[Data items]

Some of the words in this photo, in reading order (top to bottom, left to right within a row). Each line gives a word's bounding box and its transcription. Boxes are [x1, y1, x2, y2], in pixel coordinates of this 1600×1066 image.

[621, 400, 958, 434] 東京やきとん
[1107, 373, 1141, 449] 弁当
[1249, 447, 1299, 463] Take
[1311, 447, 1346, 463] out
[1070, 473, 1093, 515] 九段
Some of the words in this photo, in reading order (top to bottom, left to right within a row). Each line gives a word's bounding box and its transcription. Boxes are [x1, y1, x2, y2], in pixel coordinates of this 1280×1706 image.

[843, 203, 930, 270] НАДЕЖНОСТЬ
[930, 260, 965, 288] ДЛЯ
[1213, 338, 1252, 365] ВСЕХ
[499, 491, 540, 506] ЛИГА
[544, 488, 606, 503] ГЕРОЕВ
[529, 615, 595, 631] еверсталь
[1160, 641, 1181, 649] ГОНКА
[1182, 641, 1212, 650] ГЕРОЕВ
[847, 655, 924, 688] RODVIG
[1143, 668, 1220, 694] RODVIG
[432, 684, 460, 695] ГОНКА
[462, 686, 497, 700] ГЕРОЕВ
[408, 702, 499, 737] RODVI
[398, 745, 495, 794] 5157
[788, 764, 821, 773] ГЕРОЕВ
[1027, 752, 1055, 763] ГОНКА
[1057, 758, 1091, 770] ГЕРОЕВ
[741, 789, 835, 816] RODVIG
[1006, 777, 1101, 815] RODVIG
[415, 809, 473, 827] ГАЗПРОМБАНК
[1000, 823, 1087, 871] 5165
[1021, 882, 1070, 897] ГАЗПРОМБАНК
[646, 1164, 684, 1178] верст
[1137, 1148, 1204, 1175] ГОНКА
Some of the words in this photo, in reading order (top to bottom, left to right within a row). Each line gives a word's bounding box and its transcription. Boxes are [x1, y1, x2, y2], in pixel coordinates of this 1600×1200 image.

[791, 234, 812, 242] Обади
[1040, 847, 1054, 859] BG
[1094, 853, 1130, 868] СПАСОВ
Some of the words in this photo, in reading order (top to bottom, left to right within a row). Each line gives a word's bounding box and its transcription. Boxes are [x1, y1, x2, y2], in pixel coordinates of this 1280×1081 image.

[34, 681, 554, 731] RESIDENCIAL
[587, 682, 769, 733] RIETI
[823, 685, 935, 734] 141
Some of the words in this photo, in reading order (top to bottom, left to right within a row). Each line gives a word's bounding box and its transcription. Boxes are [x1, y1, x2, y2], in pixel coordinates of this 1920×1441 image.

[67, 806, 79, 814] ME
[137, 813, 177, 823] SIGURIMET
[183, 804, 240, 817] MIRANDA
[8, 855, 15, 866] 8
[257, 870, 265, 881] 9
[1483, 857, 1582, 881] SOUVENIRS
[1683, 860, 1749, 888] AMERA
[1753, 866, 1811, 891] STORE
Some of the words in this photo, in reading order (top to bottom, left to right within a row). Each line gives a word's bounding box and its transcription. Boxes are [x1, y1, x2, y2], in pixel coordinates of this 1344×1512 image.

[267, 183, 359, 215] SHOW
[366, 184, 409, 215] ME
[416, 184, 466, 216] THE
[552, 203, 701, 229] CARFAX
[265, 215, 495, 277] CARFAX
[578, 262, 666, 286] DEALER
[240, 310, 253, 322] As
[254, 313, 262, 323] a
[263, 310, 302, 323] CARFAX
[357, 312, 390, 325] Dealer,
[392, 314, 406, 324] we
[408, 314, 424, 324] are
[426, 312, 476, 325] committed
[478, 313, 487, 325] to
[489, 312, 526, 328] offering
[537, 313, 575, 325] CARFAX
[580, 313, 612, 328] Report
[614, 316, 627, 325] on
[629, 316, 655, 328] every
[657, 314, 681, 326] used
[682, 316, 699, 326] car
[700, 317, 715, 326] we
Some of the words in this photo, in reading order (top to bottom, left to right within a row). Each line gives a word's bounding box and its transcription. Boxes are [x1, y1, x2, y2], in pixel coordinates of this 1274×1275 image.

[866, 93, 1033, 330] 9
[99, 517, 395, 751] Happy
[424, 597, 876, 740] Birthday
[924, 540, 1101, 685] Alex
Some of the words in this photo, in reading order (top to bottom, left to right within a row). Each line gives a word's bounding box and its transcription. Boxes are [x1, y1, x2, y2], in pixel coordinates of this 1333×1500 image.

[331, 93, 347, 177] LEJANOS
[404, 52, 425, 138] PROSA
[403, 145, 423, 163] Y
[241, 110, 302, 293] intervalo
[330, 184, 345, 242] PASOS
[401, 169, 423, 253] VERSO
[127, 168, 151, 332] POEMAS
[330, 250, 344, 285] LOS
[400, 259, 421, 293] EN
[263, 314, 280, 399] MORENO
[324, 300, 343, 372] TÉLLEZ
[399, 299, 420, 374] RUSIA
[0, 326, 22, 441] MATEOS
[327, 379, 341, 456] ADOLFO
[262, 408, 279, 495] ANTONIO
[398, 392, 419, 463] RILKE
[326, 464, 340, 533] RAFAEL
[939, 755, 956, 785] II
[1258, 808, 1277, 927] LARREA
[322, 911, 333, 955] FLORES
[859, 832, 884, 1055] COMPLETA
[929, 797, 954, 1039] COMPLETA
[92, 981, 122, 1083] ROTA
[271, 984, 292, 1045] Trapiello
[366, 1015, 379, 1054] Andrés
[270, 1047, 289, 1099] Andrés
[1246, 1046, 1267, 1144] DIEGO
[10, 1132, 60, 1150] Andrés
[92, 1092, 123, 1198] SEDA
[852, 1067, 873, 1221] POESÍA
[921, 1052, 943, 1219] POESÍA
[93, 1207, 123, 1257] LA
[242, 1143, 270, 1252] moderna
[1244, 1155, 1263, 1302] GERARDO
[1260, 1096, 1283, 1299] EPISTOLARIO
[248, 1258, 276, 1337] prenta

→ WORK TO BE COMPLETED:
Return every entry verbatim.

→ ANSWER BOX:
Some of the words in this photo, in reading order (top to bottom, left to right within a row). Each line gives a word's bounding box and its transcription. Boxes are [x1, y1, x2, y2], in pixel coordinates of this 1600×1066 image.

[621, 400, 958, 434] 東京やきとん
[1107, 373, 1141, 449] 弁当
[1249, 447, 1299, 463] Take
[1311, 447, 1346, 463] out
[1070, 473, 1093, 515] 九段
Some of the words in this photo, in reading order (top to bottom, left to right within a row). Each line gives a word's bounding box and its transcription. Boxes are [x1, y1, x2, y2], in pixel coordinates of this 1280×1706 image.

[843, 203, 930, 270] НАДЕЖНОСТЬ
[930, 260, 965, 288] ДЛЯ
[1213, 338, 1252, 365] ВСЕХ
[499, 491, 540, 506] ЛИГА
[544, 488, 606, 503] ГЕРОЕВ
[529, 615, 595, 631] еверсталь
[1160, 641, 1181, 649] ГОНКА
[1182, 641, 1212, 650] ГЕРОЕВ
[847, 655, 924, 688] RODVIG
[1143, 668, 1220, 694] RODVIG
[432, 684, 460, 695] ГОНКА
[462, 686, 497, 700] ГЕРОЕВ
[408, 702, 499, 737] RODVI
[398, 745, 495, 794] 5157
[788, 764, 821, 773] ГЕРОЕВ
[1027, 752, 1055, 763] ГОНКА
[1057, 758, 1091, 770] ГЕРОЕВ
[741, 789, 835, 816] RODVIG
[1006, 777, 1101, 815] RODVIG
[415, 809, 473, 827] ГАЗПРОМБАНК
[1000, 823, 1087, 871] 5165
[1021, 882, 1070, 897] ГАЗПРОМБАНК
[646, 1164, 684, 1178] верст
[1137, 1148, 1204, 1175] ГОНКА
Some of the words in this photo, in reading order (top to bottom, left to right within a row). Each line gives a word's bounding box and its transcription. Boxes are [x1, y1, x2, y2], in pixel coordinates of this 1600×1200 image.

[791, 234, 812, 242] Обади
[1040, 847, 1054, 859] BG
[1094, 853, 1130, 868] СПАСОВ
Some of the words in this photo, in reading order (top to bottom, left to right within a row). Each line gives a word's bounding box and its transcription. Boxes are [x1, y1, x2, y2], in pixel coordinates of this 1280×1081 image.

[34, 681, 554, 731] RESIDENCIAL
[587, 682, 769, 733] RIETI
[823, 685, 935, 734] 141
Some of the words in this photo, in reading order (top to bottom, left to right within a row). Each line gives a word's bounding box and its transcription. Boxes are [x1, y1, x2, y2], in pixel coordinates of this 1920×1441 image.

[67, 806, 79, 814] ME
[137, 813, 177, 823] SIGURIMET
[183, 804, 240, 817] MIRANDA
[8, 855, 15, 866] 8
[257, 870, 265, 881] 9
[1483, 857, 1582, 881] SOUVENIRS
[1683, 860, 1749, 888] AMERA
[1753, 866, 1811, 891] STORE
Some of the words in this photo, in reading order (top to bottom, left to right within a row). Each line gives a word's bounding box and its transcription. Boxes are [x1, y1, x2, y2], in pixel coordinates of this 1344×1512 image.

[267, 183, 359, 215] SHOW
[366, 184, 409, 215] ME
[416, 184, 466, 216] THE
[552, 203, 701, 229] CARFAX
[265, 215, 495, 277] CARFAX
[578, 262, 666, 286] DEALER
[240, 310, 253, 322] As
[254, 313, 262, 323] a
[263, 310, 302, 323] CARFAX
[357, 312, 390, 325] Dealer,
[392, 314, 406, 324] we
[408, 314, 424, 324] are
[426, 312, 476, 325] committed
[478, 313, 487, 325] to
[489, 312, 526, 328] offering
[537, 313, 575, 325] CARFAX
[580, 313, 612, 328] Report
[614, 316, 627, 325] on
[629, 316, 655, 328] every
[657, 314, 681, 326] used
[682, 316, 699, 326] car
[700, 317, 715, 326] we
Some of the words in this photo, in reading order (top to bottom, left to right within a row). Each line gives a word's bounding box and its transcription. Boxes are [x1, y1, x2, y2], in pixel coordinates of this 1274×1275 image.

[866, 93, 1033, 330] 9
[99, 517, 395, 751] Happy
[424, 597, 876, 740] Birthday
[924, 540, 1101, 685] Alex
Some of the words in this photo, in reading order (top to bottom, left to right within a row). Each line gives a word's bounding box and its transcription. Boxes are [x1, y1, x2, y2], in pixel coordinates of this 1333×1500 image.

[331, 93, 347, 177] LEJANOS
[404, 52, 425, 138] PROSA
[403, 145, 423, 163] Y
[241, 110, 302, 293] intervalo
[330, 184, 345, 242] PASOS
[401, 169, 423, 253] VERSO
[127, 168, 151, 332] POEMAS
[330, 250, 344, 285] LOS
[400, 259, 421, 293] EN
[263, 314, 280, 399] MORENO
[324, 300, 343, 372] TÉLLEZ
[399, 299, 420, 374] RUSIA
[0, 326, 22, 441] MATEOS
[327, 379, 341, 456] ADOLFO
[262, 408, 279, 495] ANTONIO
[398, 392, 419, 463] RILKE
[326, 464, 340, 533] RAFAEL
[939, 755, 956, 785] II
[1258, 808, 1277, 927] LARREA
[322, 911, 333, 955] FLORES
[859, 832, 884, 1055] COMPLETA
[929, 797, 954, 1039] COMPLETA
[92, 981, 122, 1083] ROTA
[271, 984, 292, 1045] Trapiello
[366, 1015, 379, 1054] Andrés
[270, 1047, 289, 1099] Andrés
[1246, 1046, 1267, 1144] DIEGO
[10, 1132, 60, 1150] Andrés
[92, 1092, 123, 1198] SEDA
[852, 1067, 873, 1221] POESÍA
[921, 1052, 943, 1219] POESÍA
[93, 1207, 123, 1257] LA
[242, 1143, 270, 1252] moderna
[1244, 1155, 1263, 1302] GERARDO
[1260, 1096, 1283, 1299] EPISTOLARIO
[248, 1258, 276, 1337] prenta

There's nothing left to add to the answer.